Nous avons tenté de créer un 101ème département virtuel, pour voir combien les départements dépensent pour chaque habitant pour les compétences obligatoires. Nous sommes arrivés à une dépense moyenne constatée, en euro et par habitant. Les résultats sont tout à fait surprenants.

L’échelle des dépenses réalisées pour remplir les mêmes responsabilités est extrêmement large. Par exemple, pour les dépenses de transport scolaire, on passe du simple au double, selon qu’il s’agisse de la Creuse ou du Val‑d’Oise. Le rapport des dépenses en matière de voirie entre la Creuse et la Seine-Saint-Denis est de 1 à 200, pour l’APA, il est de 1 à 3. L’ampleur de ces écarts est particulièrement spectaculaire. Il existe une grande différence dans le coût de l’exercice des responsabilités obligatoires pour les départements. Compte tenu de l’obligation de présenter des comptes équilibrés à la fin de l’année, chacun exerce ses compétences en fonction des ses moyens.

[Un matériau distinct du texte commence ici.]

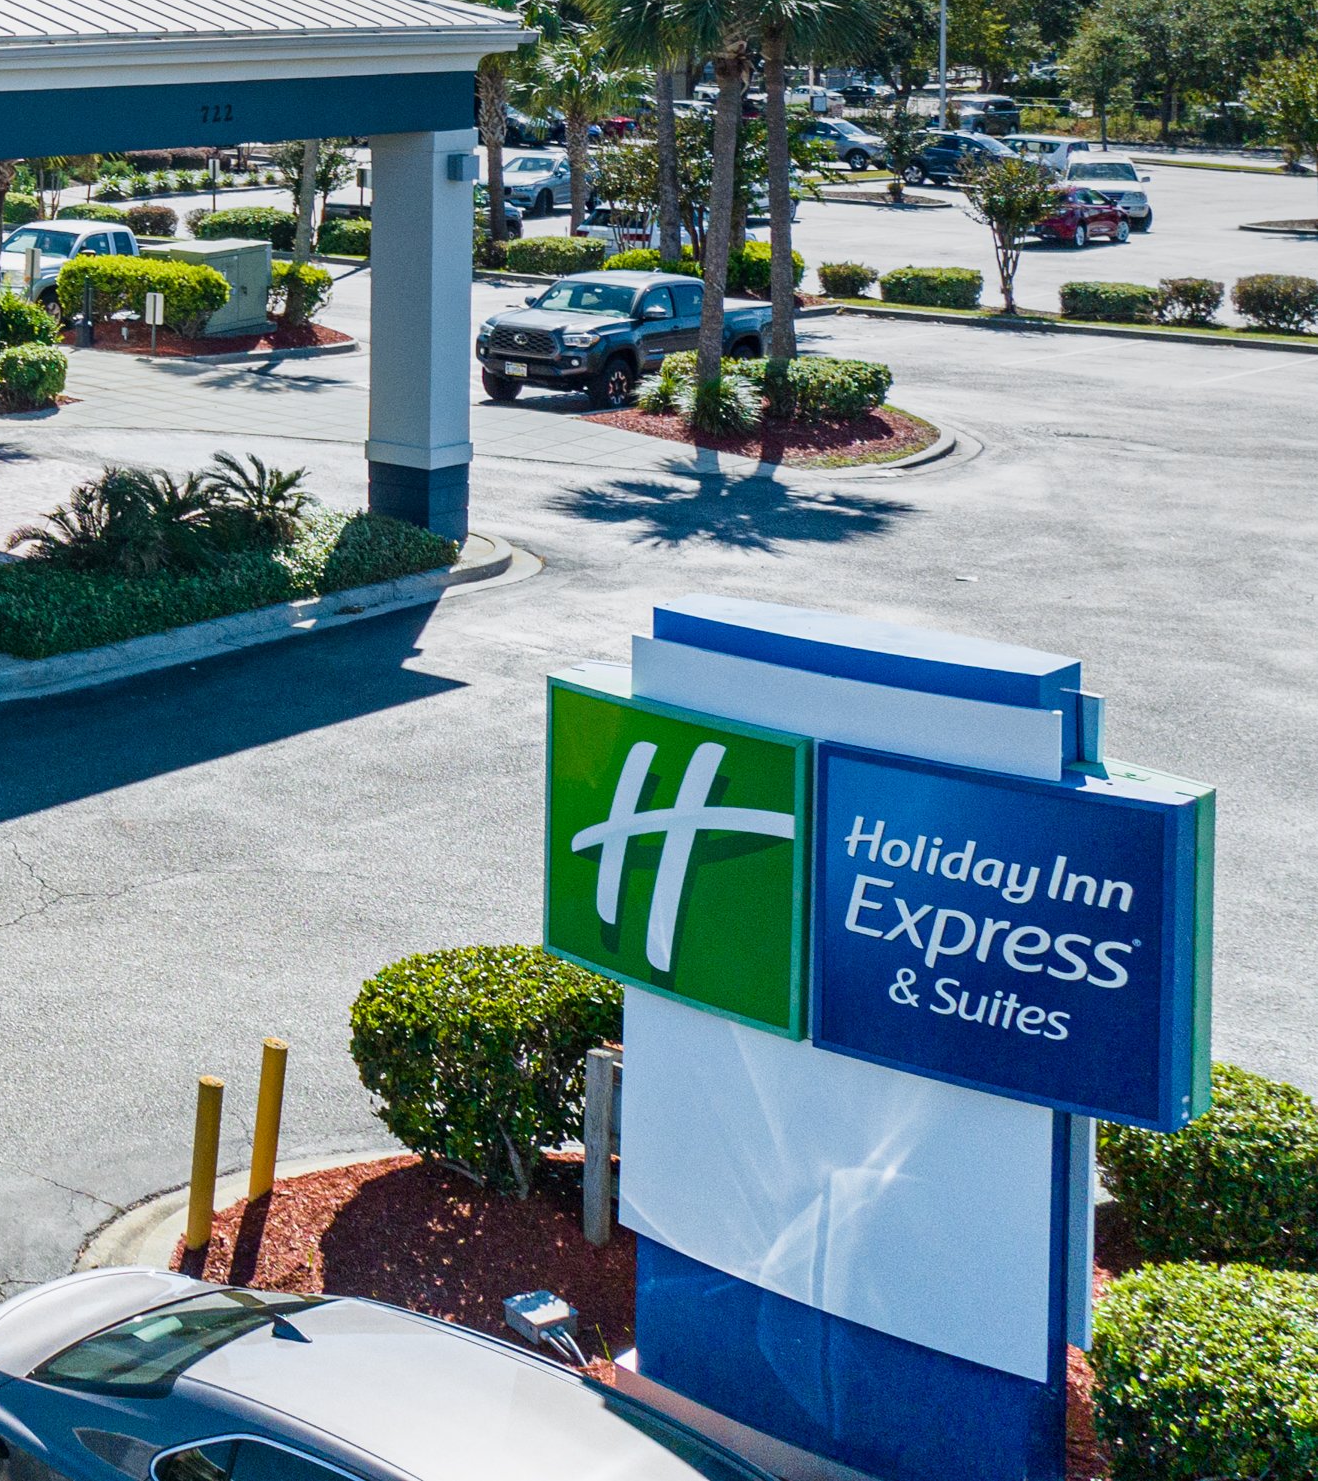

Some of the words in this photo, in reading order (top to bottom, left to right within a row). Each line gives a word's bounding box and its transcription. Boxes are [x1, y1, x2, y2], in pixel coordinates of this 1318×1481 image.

Nous avons également procédé à une évaluation des différences de recettes par habitant. Par exemple, la répartition de la base de taxe professionnelle est très inégale, passant de 581 dans la Creuse à 3 830 dans les Hauts-de-Seine. Les résultats ne sont pas erratiques. En réalité, la répartition des départements est assez régulière. Si on effectuait une courbe de Gauss, sa base serait relativement large.

Ce constat de grands écarts de richesses n’est pas sans conséquences sur l’exercice des compétences obligatoires et sur l’aptitude des départements à choisir d’exercer d’autres compétences en partage avec la région. Certains départements ne peuvent pas exercer le pouvoir d’initiative dont ils disposent théoriquement. Si ce constat est banal, nous avons tenté de mesurer objectivement la situation. Il apparaît souhaitable de la corriger. Il existe aujourd’hui un écart croissant dans l’exercice, par les départements, des compétences par rapport à la situation antérieure où la Nation et l’Etat centralisé prenaient en charge ces dépenses.

Nous sommes un petit groupe de sénateurs qui avons tenté de faire évoluer cette situation, notamment lors du vote de la loi Pasqua en 1994. Nous avons préparé des textes audacieux, mais la péréquation horizontale que nous avions imaginée est devenue une idée tellement difficile à appliquer qu’elle n’avait plus beaucoup de sens. En 1998, nous avons tenté de réintroduire cette idée dans la loi Voynet, mais la ministre de l’environnement et Bercy ne considéraient pas cette question comme une priorité.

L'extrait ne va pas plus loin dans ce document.